*TASK INSTRUCTIONS*
In full and without alteration, print the records below, minus any images.

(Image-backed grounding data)
◇ ◇ ◇

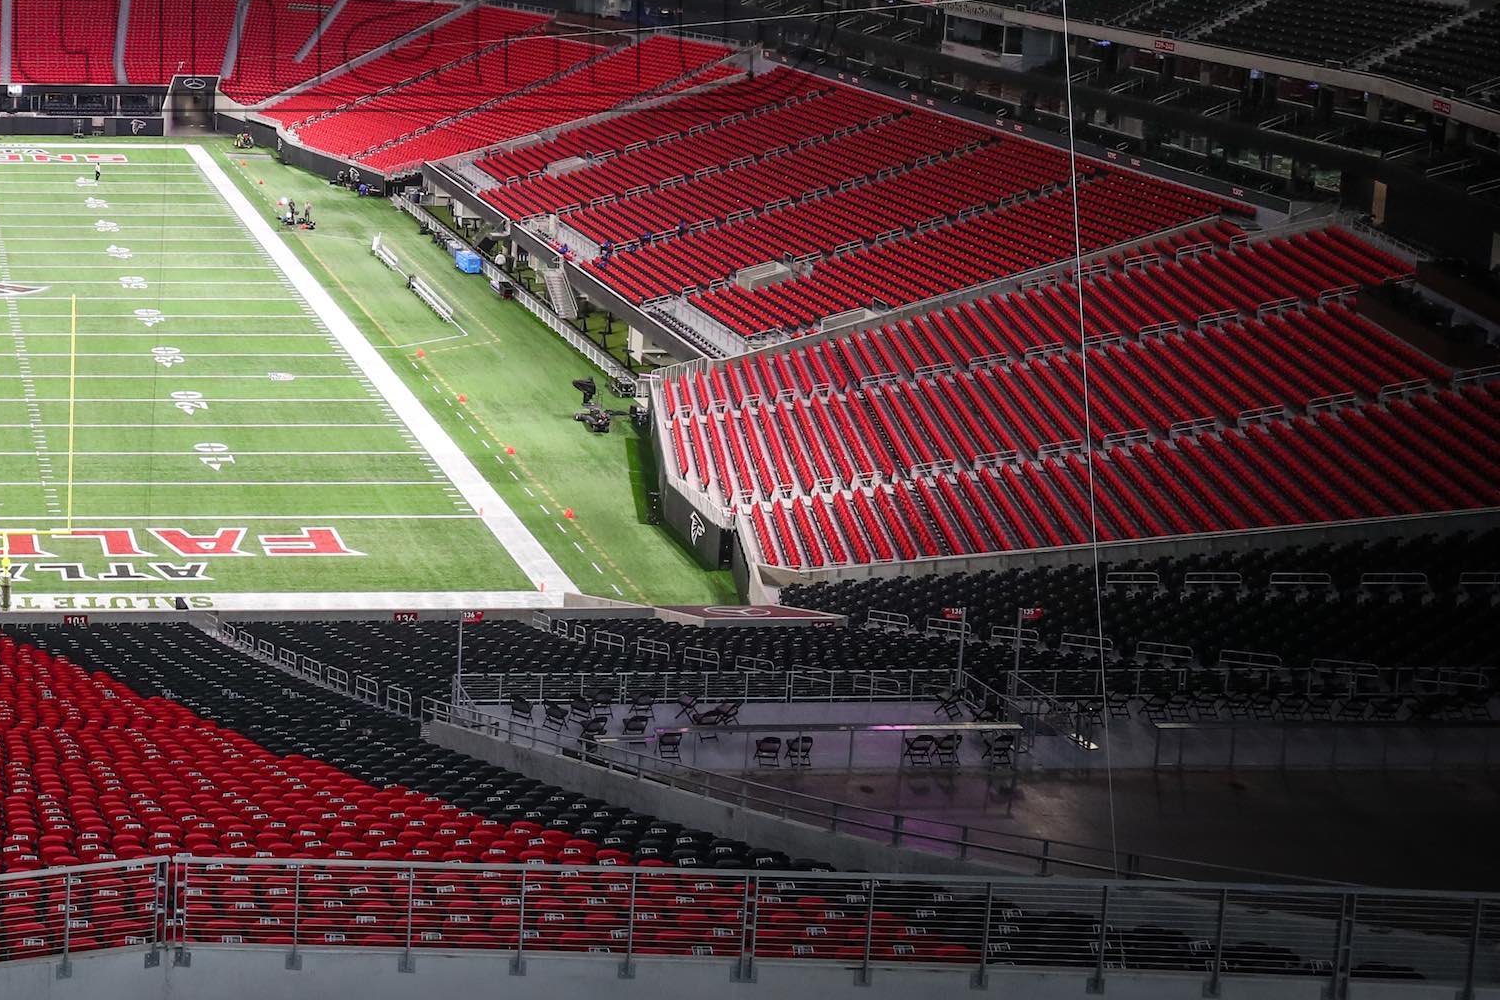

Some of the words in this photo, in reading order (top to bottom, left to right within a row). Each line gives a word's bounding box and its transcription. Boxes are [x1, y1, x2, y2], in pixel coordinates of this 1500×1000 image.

[151, 346, 185, 363] 30
[170, 391, 209, 410] 20
[194, 442, 236, 464] 10
[463, 611, 476, 619] 136
[951, 607, 963, 615] 136
[67, 616, 85, 626] 101

◇ ◇ ◇

*EXPECTED ANSWER*
Some of the words in this photo, in reading order (top to bottom, left to right within a row). Each line gives a word's bounding box and its transcription. Boxes are [x1, y1, x2, y2], in pixel coordinates of this 1500×1000 image.

[151, 346, 185, 363] 30
[170, 391, 209, 410] 20
[194, 442, 236, 464] 10
[463, 611, 476, 619] 136
[951, 607, 963, 615] 136
[67, 616, 85, 626] 101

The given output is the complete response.